Early life and education
Swart was born in Swellendam in the Cape Province in 1941. He completed most of his school career in Kimberley before he matriculated at Voortrekker High School in Bethlehem in the Orange Free State in 1958. In 1965, Swart graduated from the University of Stellenbosch with a Bachelor of Arts in Business Economics and Psychology. After university, he worked in the corporate sector before he became the company director of Bolton Footwear. Swart later started his own business.

Political career
Swart joined the newly formed Democratic Alliance and stood as their mayoral candidate for the newly established George Local Municipality in the 2000 municipal elections. After the election, the council elected him as the first Executive Mayor of the municipality. In the DA, he was elected chairperson of the DA's East Region in the Western Cape and became a member of the provincial executive committee of the party. Later on, he was elected to the DA's provincial council, the Federal Council, the Federal Executive, and served as deputy federal chairperson.

Swart served as mayor until his election to the National Assembly at the 2004 general election.

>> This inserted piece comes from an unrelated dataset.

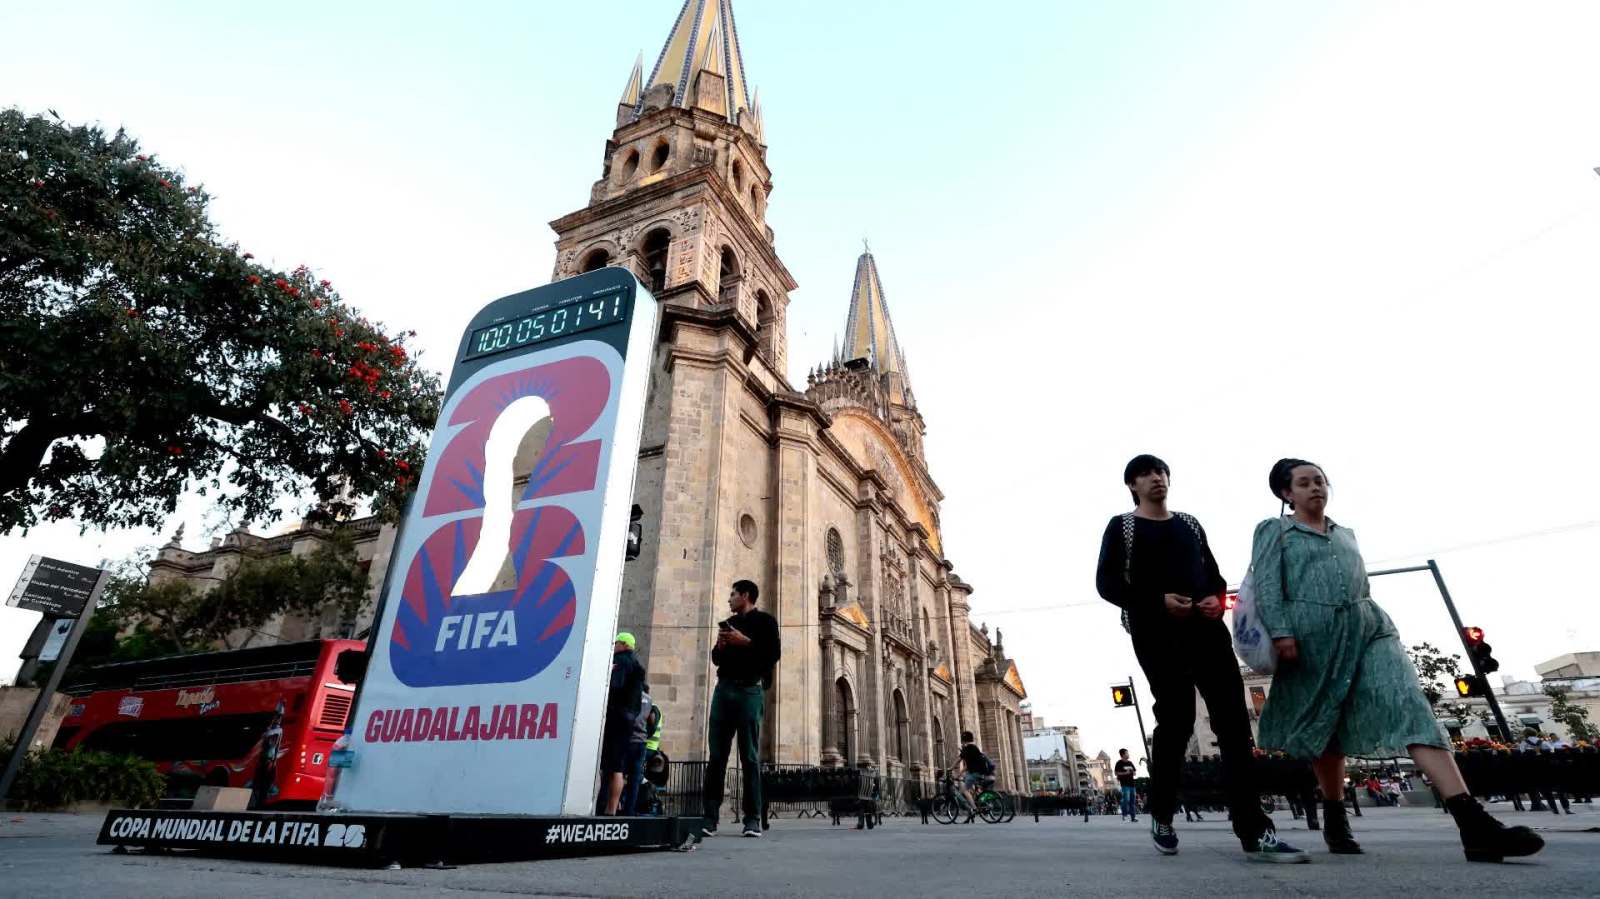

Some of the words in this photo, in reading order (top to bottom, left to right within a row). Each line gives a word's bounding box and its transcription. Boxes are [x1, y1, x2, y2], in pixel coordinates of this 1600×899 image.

In November 2006, Swart called for the Public Protector to probe the ongoing mayhem at the Department of Home Affairs. He also said that the department has the "reputation for being the most corrupt department." After his re-election in 2009, the newly elected DA parliamentary leader Athol Trollip appointed him as the DA's spokesperson on the Appropriations Committee and the Shadow Deputy Minister of Finance. In a shadow cabinet reshuffle in September 2010, Kobus Marais was appointed to succeed him as Shadow Deputy Minister of Finance. He was reappointed by the newly appointed DA parliamentary leader, Lindiwe Mazibuko, as the DA's spokesperson on appropriations  in February 2012.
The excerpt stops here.